Ronald Ryan - Early Life

Early Life

Ronald Edmond Thompson was born on 21 February 1925 at the Royal Women's Hospital in Melbourne's inner suburb of Carlton, to John Ronald Ryan and Cecilia Thompson (née Young). At the time Ryan's father was not married to his mother. Cecilia already had a son with her first husband George Harry Thompson and was living with John Ryan. Cecilia and George had separated in 1915 when George left to fight in the Great War. The relationship never resumed. Cecilia met John Ryan while working as a nurse in Woods Point where he was suffering lung disease.
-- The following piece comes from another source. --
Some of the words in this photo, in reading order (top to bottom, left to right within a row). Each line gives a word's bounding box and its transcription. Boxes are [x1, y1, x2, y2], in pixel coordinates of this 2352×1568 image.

They formed a relationship in 1924 and later married in 1929, after Thompson's death in 1927 by falling from a tram and getting hit by a car. Ryan then adopted the name Ronald Edmond Ryan. In 1936 Ryan was confirmed in the Catholic Church. He took as his confirmation name Joseph, becoming Ronald Edmond Joseph Ryan. He did not like Edmond and from then on used "Ronald Joseph Ryan".
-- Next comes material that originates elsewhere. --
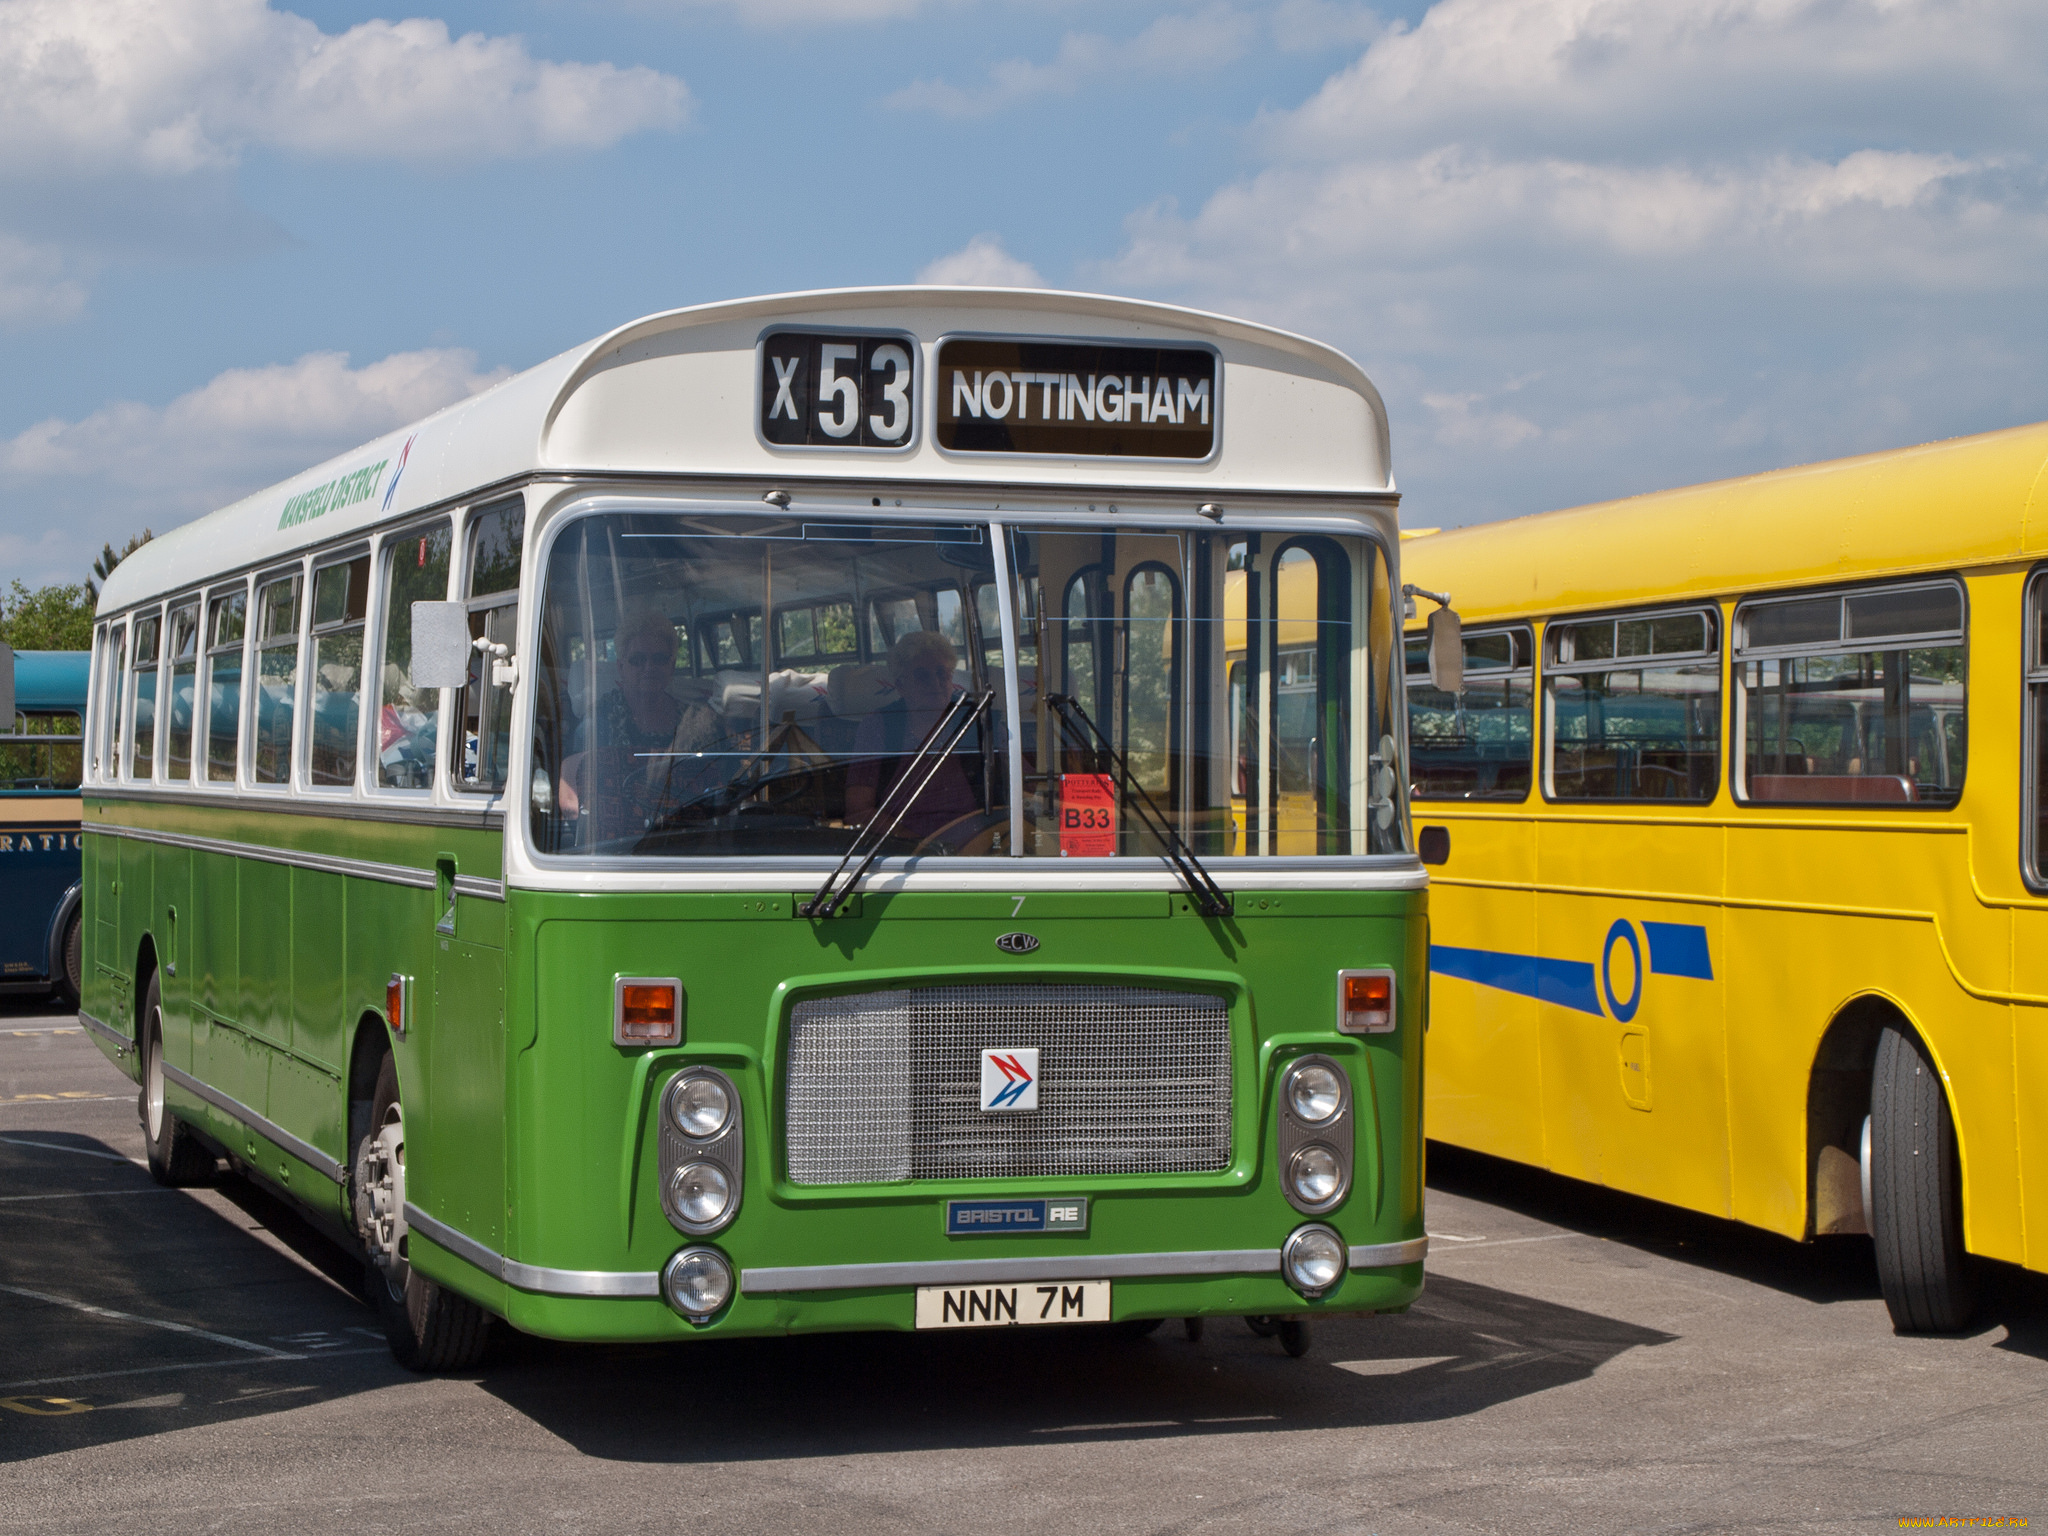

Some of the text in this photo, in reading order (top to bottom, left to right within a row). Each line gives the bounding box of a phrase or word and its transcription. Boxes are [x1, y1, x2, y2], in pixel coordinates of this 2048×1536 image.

Following the theft of a watch from a neighbour's house at Mitcham in November 1936, the plight of the Ryan children was bought to the attention of the state welfare authorities. Ronald was sent to Rupertswood, Sunbury, the Salesian Order's school for orphaned, wayward and neglected boys. His three sisters were made wards of the state a year later after authorities declared them to be "neglected". The three sisters were sent to the Good Shepherd Convent in Collingwood. Ryan absconded from Rupertswood in September 1939 and, with his half-brother George Thompson, worked in and around Balranald, New South Wales; spare money earned from sleeper cutting and kangaroo shooting was sent to his mother, who was looking after their sick, alcoholic father.

At the age of 20, Ryan had saved enough money to rent a house in Balranald. He then collected his sisters and mother and they all lived in this house. Ryan's father stayed in Melbourne and died a year later, aged 62, after a long battle with miners' disease, phthisis tuberculosis.